Many factors that deterred military conflict during the Cold War and after have weakened. The growing parity of arsenals, absence of moderating pressures, and power imbalances between states have exposed underlying stresses within the global system and increased the probability of conflict.

Russia’s case is symptomatic of the current anarchic state of affairs. Having lost the economic, technological, and political heft of the Soviet era, it retains great power aspirations, demands exceptionalism, and clings to nuclear superpower status. Its nuclear arsenal is a key component of leverage: it endows immunity from military pressure and the leeway to pursue an independent foreign policy.
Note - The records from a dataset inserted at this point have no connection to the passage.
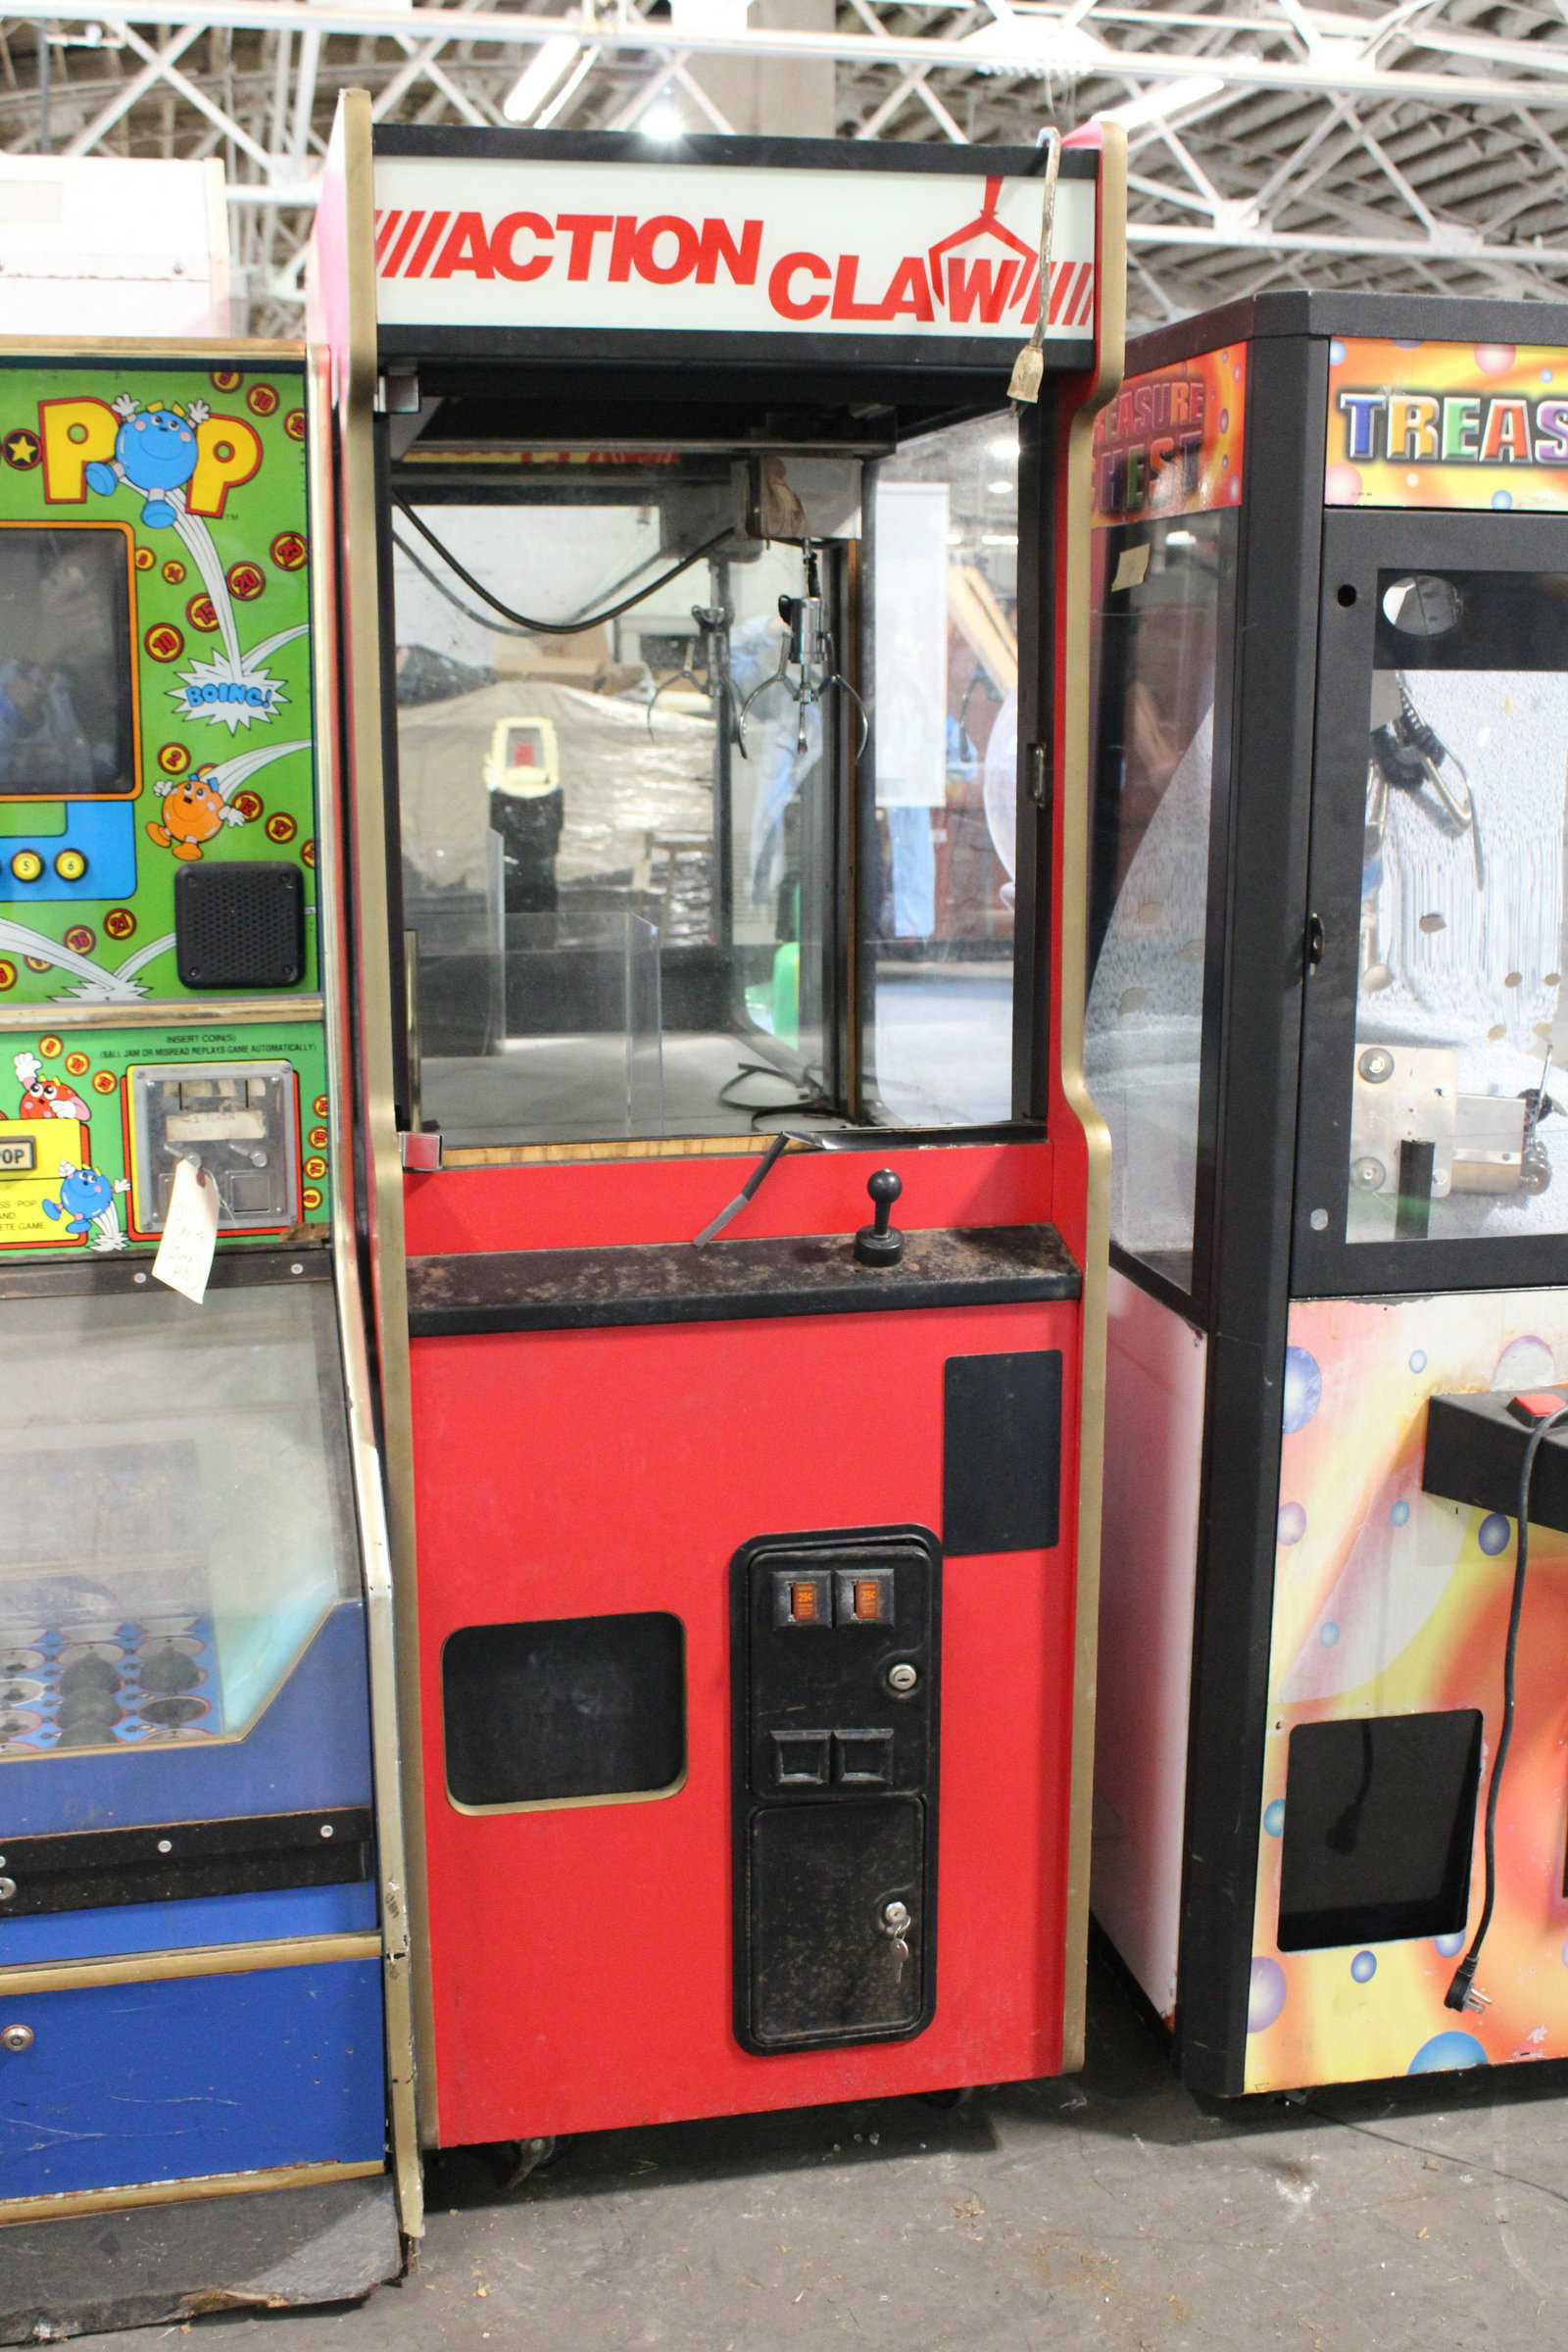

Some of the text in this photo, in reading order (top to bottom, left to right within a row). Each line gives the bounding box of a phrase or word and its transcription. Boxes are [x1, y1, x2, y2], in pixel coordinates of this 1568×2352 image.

[429, 211, 1020, 323] ACTION CLAW
[1093, 381, 1204, 445] REASURE
[1092, 430, 1202, 512] HEST
[277, 536, 303, 565] 25
[233, 568, 260, 595] 20
[152, 631, 177, 655] 10
[185, 683, 271, 709] BOING!
[167, 750, 182, 767] 2
[23, 861, 74, 871] 5 6
[100, 1043, 317, 1059] (BALL JAM OR MISREAD REPLAYS GAME AUTOMATICALLY)
[166, 1034, 236, 1044] INSERT COIN(S)
[0, 1149, 24, 1164] OP
[19, 1222, 46, 1231] GAME
Nuclear deterrence today can only work in conjunction with agreements, limitations, and transparency. Without these, it brings antagonistic powers to the brink of nuclear war in a crisis. In the present fragile conditions of deterrent relationships, the prospects for nuclear stability among the nine nuclear-armed states will remain forlorn.

The Challenge

Cold War nuclear paradigms cannot be further tweaked to provide an illusion of stability to the nine nuclear-armed states. Priority should be given to identifying methods to dispel mistrust while advancing the idea that globally, nuclear surety is neither served by ‘parity’ in arsenals nor ‘assurance’ of total devastation. The former has brought a multi-polar encore of an arms race into play, while the latter is a return to barbaric times when extinction was propagated as a solution.
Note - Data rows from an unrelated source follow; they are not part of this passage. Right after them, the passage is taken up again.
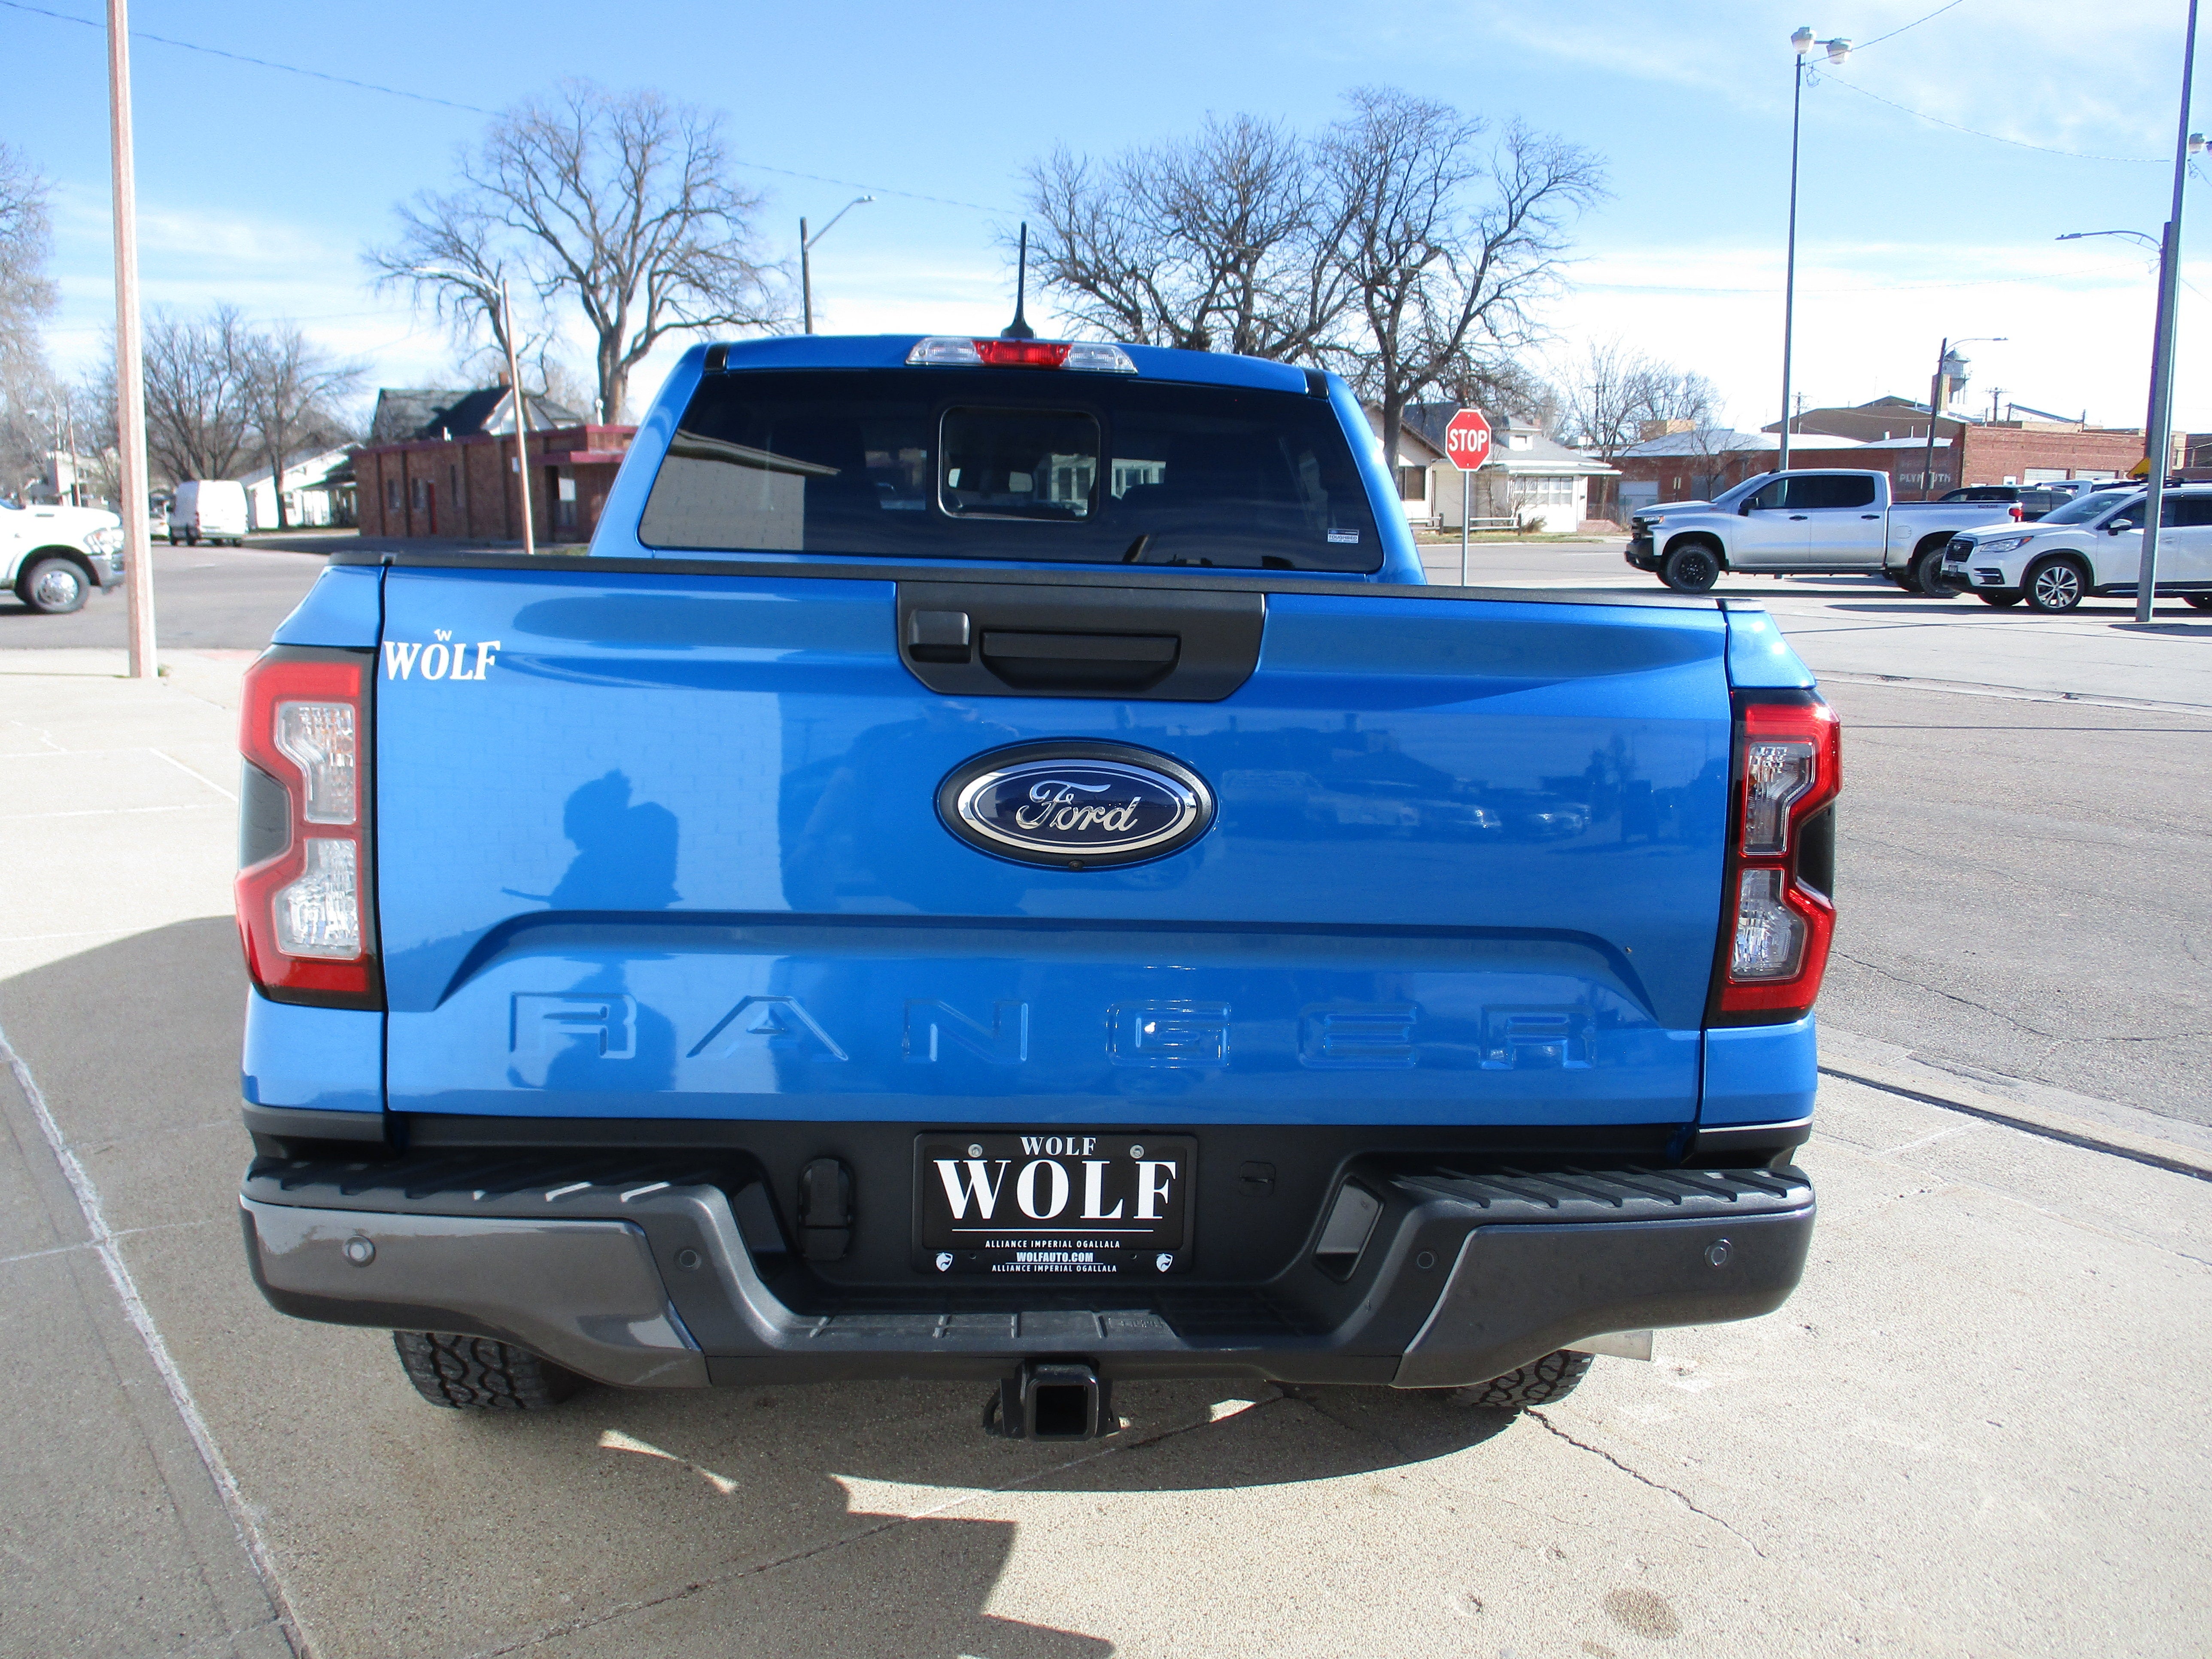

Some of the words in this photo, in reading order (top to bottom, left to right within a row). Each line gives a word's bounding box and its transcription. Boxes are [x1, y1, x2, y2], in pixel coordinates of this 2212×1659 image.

[1449, 428, 1488, 452] STOP
[383, 641, 501, 680] WOLF
[1015, 780, 1142, 831] Ford
[510, 991, 1596, 1070] RANGER
[1020, 1136, 1097, 1156] WOLF
[933, 1159, 1176, 1220] WOLF
[985, 1240, 1027, 1248] ALLIANCE
[1031, 1240, 1073, 1248] IMPERIAL
[1076, 1240, 1120, 1248] OGALLALA
[1016, 1252, 1094, 1262] WOLFAUTO.COM
Today, economics and interdependence are the engines of global power. Yet there is reluctance to step back from military situations such as what we see in Ukraine. Nuclear weapons cannot be reduced to a gambler’s game of dare. But to remove it from arsenals altogether is not practicable, especially since states are not ready to wean themselves from an instrument of power. The answer lies in transparency, shadowed by a withdrawal from this calamitous obsession through a general adoption of a policy of no first use (NFU) of nuclear weapons. This is a first step towards disarmament.